Quest’ultimo aspetto deve far riflettere sui risvolti politici del 7 ottobre, che ha consentito a Netanyahu di rafforzare la sua scricchiolante posizione di vertice che, a guerra in corso, non può essere scalfita. La strage dà inizio a una terribile escalation militare, di cui purtroppo non si vede la fine. Israele, l’8 ottobre, dichiara lo stato di guerra, la prima volta dalla Guerra del Kippur (1973), il 26 ottobre l’esercito entra a Gaza. L’IDF, guidato dal governo Netanyahu – con 101 ostaggi ancora nelle mani di Hamas (37 sono stati uccisi, 117 liberati grazie all’unica tregua concordata) – da allora a Gaza ha provocato la morte di quasi 42.000 persone, di cui circa 20.000 tra donne e bambini. Sono 1,9 milioni gli sfollati (cioè il 90 per cento della popolazione) mentre gli aiuti umanitari in pratica sono cessati, considerati i bombardamenti e l’impossibilità di continuare ogni attività anche negli ospedali, rasi al suolo. Qualche centinaio i soldati israeliani morti negli attacchi a Gaza, migliaia i civili sfollati nelle zone di confine.

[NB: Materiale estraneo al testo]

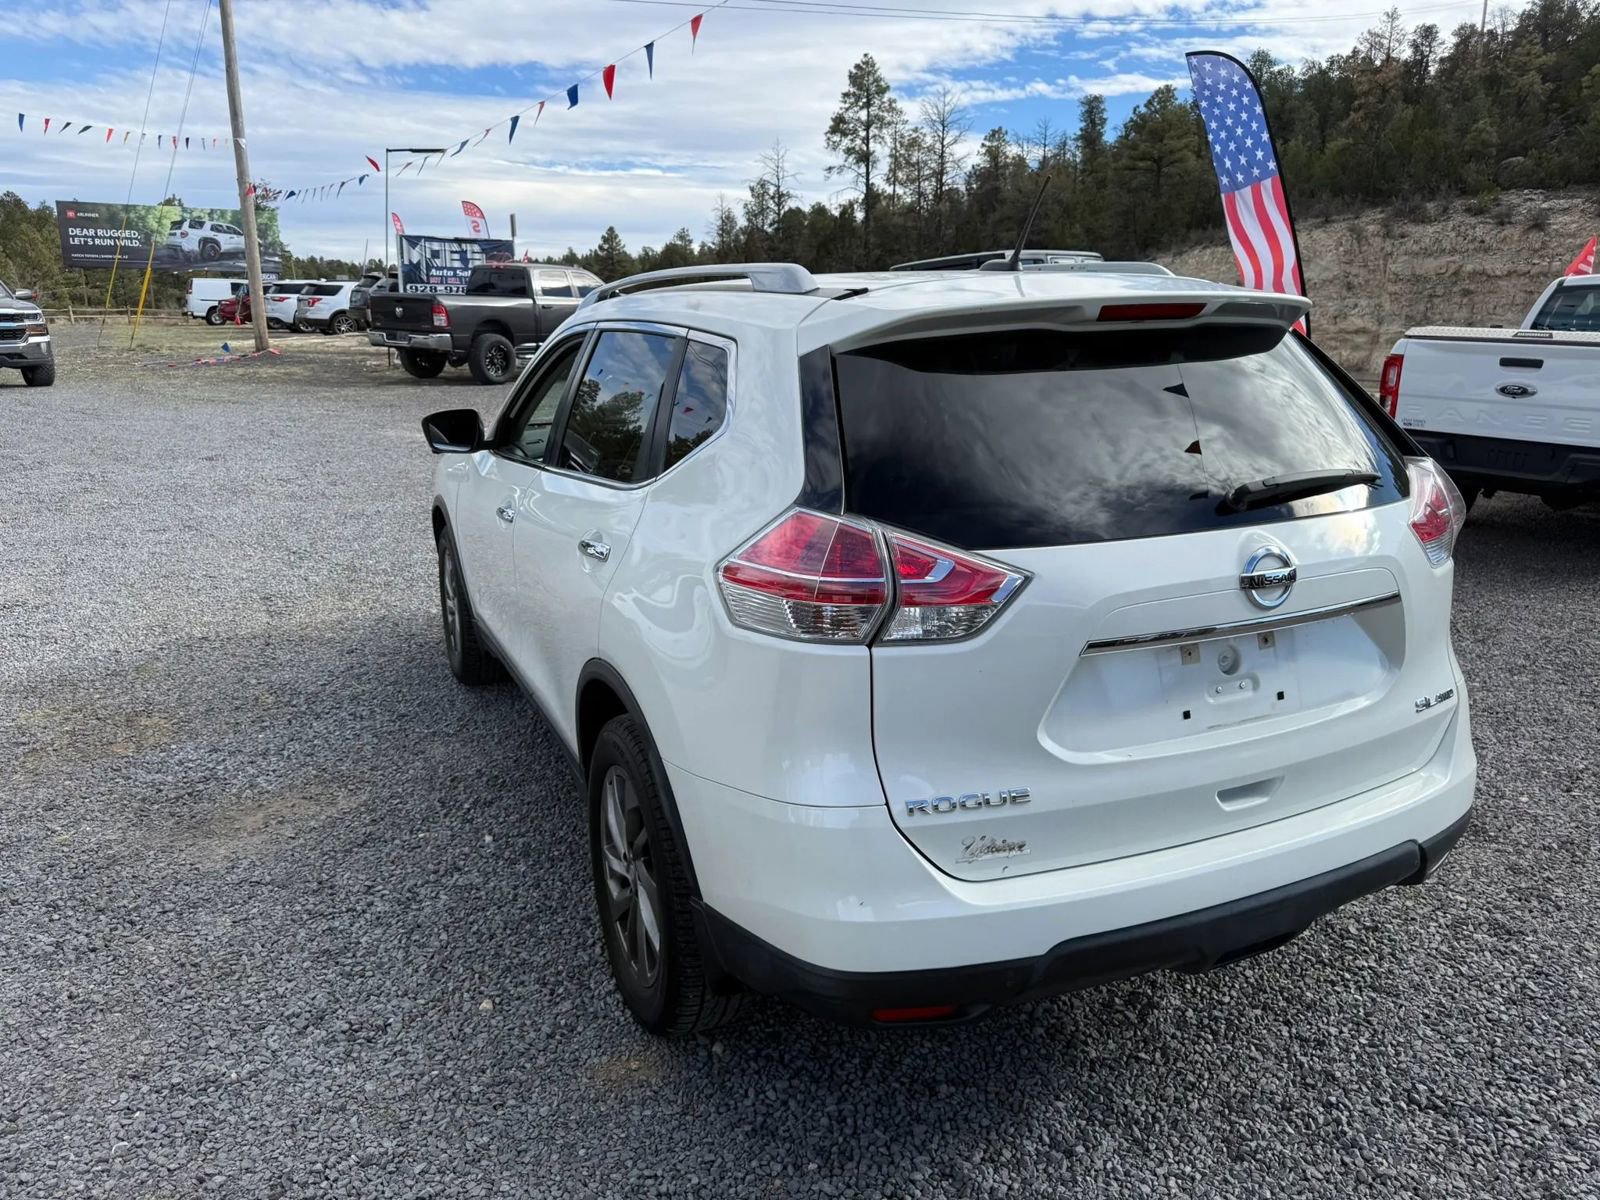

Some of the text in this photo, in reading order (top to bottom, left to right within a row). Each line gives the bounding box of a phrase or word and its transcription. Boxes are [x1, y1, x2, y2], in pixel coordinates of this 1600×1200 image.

Il conflitto, intanto, si è allargato: Israele è entrato in Libano, dove finora ci sono stati circa 2000 morti, ma anche questo numero “oscilla”, come tutti gli altri. In Libano si trova il grosso di Hezbollah (letteralmente “Partito di Dio”) che, con Hamas e l’Iran (paese non arabo ma guidato da una teocrazia sciita che perde consenso interno), celebra con orgoglio il 7 ottobre 2023. Non è chiaro di cosa ci si possa inorgoglire se solo si considerano le riprese effettuate un anno fa dagli stessi miliziani di Hamas, impegnati a soffermarsi sugli occhi terrorizzati delle loro vittime e sui cadaveri di giovani donne e uomini presentati come macabri trofei. Ma lo stesso culto della violenza “purificatrice” anima l’azione del governo di Israele la cui reazione, praticamente per tutte le cancellerie (non solo per Macron), è inaccettabile per le modalità e le proporzioni tra offesa e difesa. In queste ore aumentano le truppe israeliane in Libano e si attende una nuova rappresaglia contro l’Iran, ma quale sarà la sua reale entità? Alimentando la spirale di vendette, si può davvero risolvere qualcosa?

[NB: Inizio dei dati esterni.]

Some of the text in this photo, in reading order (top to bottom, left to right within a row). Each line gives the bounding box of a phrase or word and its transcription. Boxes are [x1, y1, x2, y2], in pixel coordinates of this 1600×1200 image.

Anziché accettare le numerose risoluzioni dell’ONU da ben prima del 7 ottobre 2023, frenare le violenze giornaliere dei coloni in Cisgiordania contro i palestinesi, che devono avere uno Stato sovrano riconosciuto anche da Israele, Netanyahu segue la linea dell’estrema destra che sostiene il suo governo, improntata all’integralismo religioso. Una forma di fanatismo che ha generato da lunghi anni violenza e abusi e che è speculare all’integralismo islamico. Un integralismo che regola la politica di quella parte del mondo arabo per cui Israele è un paese da cancellare e i palestinesi, in concreto, non sono un popolo da difendere (e da accogliere) attraverso una politica costruttiva, ma un mezzo per accrescere – con cinismo – influenza e potere vista la debolezza dell’ANP. Per il governo di Netanyahu, invece, i palestinesi quasi non sono persone. Per l’estrema destra israeliana sono solo un pesante intralcio alla conquista di una grande terra promessa da Dio al popolo ebraico, secondo un’ interpretazione della Bibbia.
Una vera democrazia è tale solo se è laica. Altrimenti, al netto delle proteste dei cittadini contro le politiche del governo, che dimostrano l’esistenza di opinioni e sensibilità diverse nella società dello Stato ebraico (come tra gli ebrei che vivono nel resto del mondo), Israele si avvicina pericolosamente a una sorta di teocrazia, simile a quelle che dice di voler sconfiggere nel nome della libertà e del suo diritto ad esistere. Negli Stati autoritari e totalitari non si risponde dei reati gravissimi compiuti dai detentori del potere, reati come i crimini di guerra di Netanyahu, di Hamas e di tutte le forme di terrorismo cieco e disumano, che venga da uno Stato o da una milizia transnazionale. Quando si teorizza o si persegue concretamente la cancellazione di un popolo, ebraico o palestinese che sia, il futuro non può che essere cupo. L’unica strada da perseguire, nonostante le grandi e innegabili difficoltà anche di ordine pratico, è l’accettazione della diversità, il rispetto degli altri e della loro cultura. In caso contrario, con il successo del fanatismo (ovunque parente stretto di nazionalismi e sovranismi), che giustifica la tortura e annulla la politica, cresce ogni forma di razzismo e di discriminazione.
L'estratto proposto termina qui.